The story of The Afterlight, by first time filmmakers Alexei Kaleina & Craig Macneill, is set in a short stretch of time before and during a solar eclipse, and it centers on a young couple from the city, smiley but quiet construction worker Andrew (Michael Kelly of The Adjustment Bureau and The Changeling), and pretty, troubled Claire (Jicky Schnee of All Good Things), who try to rescue their relationship (from what we don’t know) by relocating to the country and an old abandoned schoolhouse. There, they slide into internal darkness and angst as they interact with their neighbors, the feisty little girl Lucy (played by local Walton non-professional Morgan Taddeo), the ethereally lovely and slender blind woman Maria (Ana Asensio — and it‘s certainly strange that two knockouts like Claire and Maria are in the same upstate town, never mind neighborhood) and Maria’s melancholy elderly aunt Carol (memorably played by the late Rhoda Pauley, to whom the movie is dedicated).
There’s one other major character, Claire’s father Carl, played by Rip Torn — who, not surprisingly, gives the best performance in this well-acted movie, though his part consists mostly of voice-overs and one scene with Claire that’s virtually a monologue (in which he recounts his disturbing experiences as a prison van driver), and though all of his moments were added in re-shoots after the film was initially completed.
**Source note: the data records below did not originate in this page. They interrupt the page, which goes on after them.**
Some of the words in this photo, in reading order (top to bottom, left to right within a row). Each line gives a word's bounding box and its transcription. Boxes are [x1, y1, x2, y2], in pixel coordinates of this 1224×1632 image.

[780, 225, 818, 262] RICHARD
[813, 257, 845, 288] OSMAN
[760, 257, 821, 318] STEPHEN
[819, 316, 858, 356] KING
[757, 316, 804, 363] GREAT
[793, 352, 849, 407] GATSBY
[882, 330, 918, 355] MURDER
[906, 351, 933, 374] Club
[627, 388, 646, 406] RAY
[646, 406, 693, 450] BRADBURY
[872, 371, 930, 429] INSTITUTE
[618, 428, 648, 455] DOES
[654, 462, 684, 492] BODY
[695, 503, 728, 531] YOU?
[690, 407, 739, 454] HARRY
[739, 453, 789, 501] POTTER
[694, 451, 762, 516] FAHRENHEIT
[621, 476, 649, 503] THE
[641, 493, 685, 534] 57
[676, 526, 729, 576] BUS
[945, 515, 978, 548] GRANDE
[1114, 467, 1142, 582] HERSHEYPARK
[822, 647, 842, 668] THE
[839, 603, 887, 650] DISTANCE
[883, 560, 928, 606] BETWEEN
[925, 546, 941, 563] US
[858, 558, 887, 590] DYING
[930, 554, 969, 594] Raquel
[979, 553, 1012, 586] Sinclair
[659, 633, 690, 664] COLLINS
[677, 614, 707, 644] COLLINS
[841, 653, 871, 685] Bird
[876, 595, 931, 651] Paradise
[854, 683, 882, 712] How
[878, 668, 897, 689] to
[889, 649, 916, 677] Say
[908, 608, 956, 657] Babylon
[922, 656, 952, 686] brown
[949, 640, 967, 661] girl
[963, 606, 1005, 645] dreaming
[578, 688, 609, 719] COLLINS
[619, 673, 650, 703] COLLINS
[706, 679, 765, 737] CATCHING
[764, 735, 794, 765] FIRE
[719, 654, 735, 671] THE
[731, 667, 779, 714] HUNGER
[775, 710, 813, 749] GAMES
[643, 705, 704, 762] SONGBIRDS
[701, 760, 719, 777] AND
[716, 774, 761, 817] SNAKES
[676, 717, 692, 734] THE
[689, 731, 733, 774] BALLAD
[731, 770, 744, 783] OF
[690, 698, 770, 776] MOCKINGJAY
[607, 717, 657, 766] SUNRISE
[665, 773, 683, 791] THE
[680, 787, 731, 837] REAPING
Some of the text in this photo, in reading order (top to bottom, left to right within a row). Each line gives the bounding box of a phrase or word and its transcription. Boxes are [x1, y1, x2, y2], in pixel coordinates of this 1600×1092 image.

Even in these fragments, Torn is superb, and one only wishes there were more of him.
The best of the movie ravishes. The sunlit green tableaux and shadowy interiors of The Afterlight, in which the other characters seem both trapped and restless (like the bird), are so impeccably framed and so astonishingly well-shot, by cinematographer Zoe White (making her feature debut) that your eyes are always rewarded, your mind usually intrigued. Macneill was a student of Stan Brakhage, and, like Brakhage, he and his moviemaking partner Kaleina have a painterly, poetic bent that can slowly, softly mesmerize the viewer.
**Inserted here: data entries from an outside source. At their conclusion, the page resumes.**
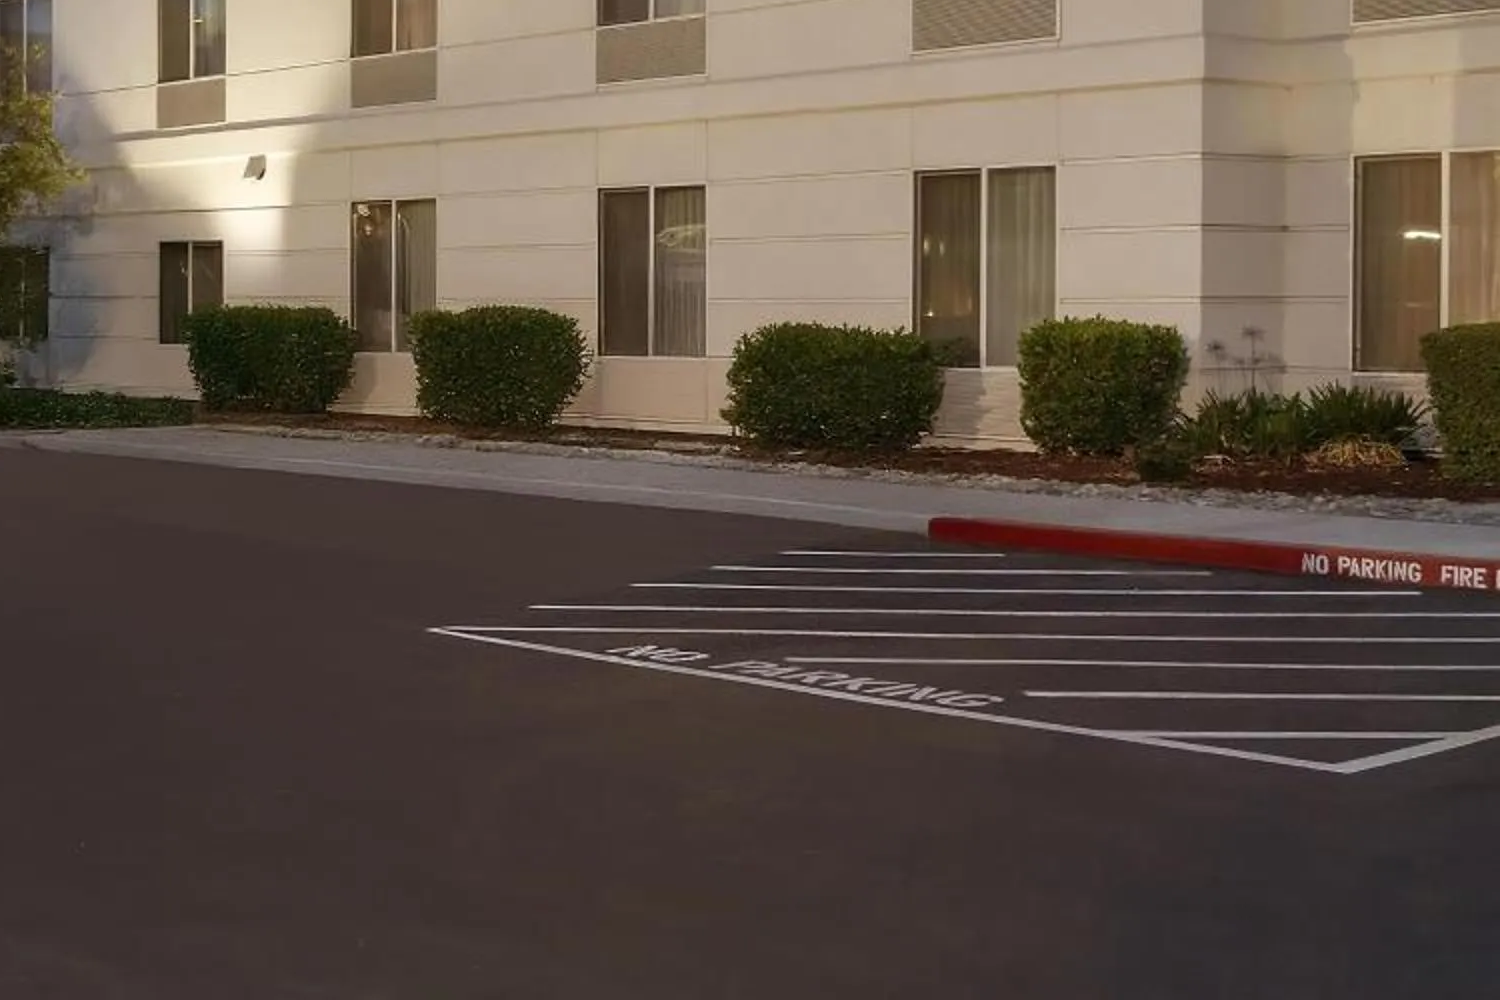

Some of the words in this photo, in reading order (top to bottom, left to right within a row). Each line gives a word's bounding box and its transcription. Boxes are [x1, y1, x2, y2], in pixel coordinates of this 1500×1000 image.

[1301, 553, 1329, 574] NO
[1337, 556, 1422, 583] PARKING
[1440, 565, 1487, 589] FIRE
[606, 645, 709, 661] NO
[710, 660, 1004, 707] PARKING
I liked the movie very much, and when some of its early festival admirers compared it to Michelangelo Antonioni and Ingmar Bergman, they had some justification. The Afterlight is obviously made by filmmakers who know and admire Antonioni and Bergman, and who would probably be pleased by the comparison — and the images, scenes and emotions often suggest those two masters. (More pastoral than urban, the film reminded me a bit more of Bergman than Antonioni — and it reminded me as well of other lyrical Swedes, like Jan Troell, Alf Sjoberg, Arne Sucksdorff and Bo Wideberg.)
Shaping their tale in moods and rhythms far more European in feel than American, Macneill and Kaleina aren’t afraid to fill their scenes with stillness and solitude, to let their fine cast quietly strip their emotions bare, or to offer an occasional visual symbol or two (a caged songbird, a lonely forest, even the eclipse itself). The director-writer-editor pair, and cinematographer White, show a sheer love of moviemaking that often makes their film a joy to watch. (Facets)
Alexei Kaleina? then just wait…
Thanks.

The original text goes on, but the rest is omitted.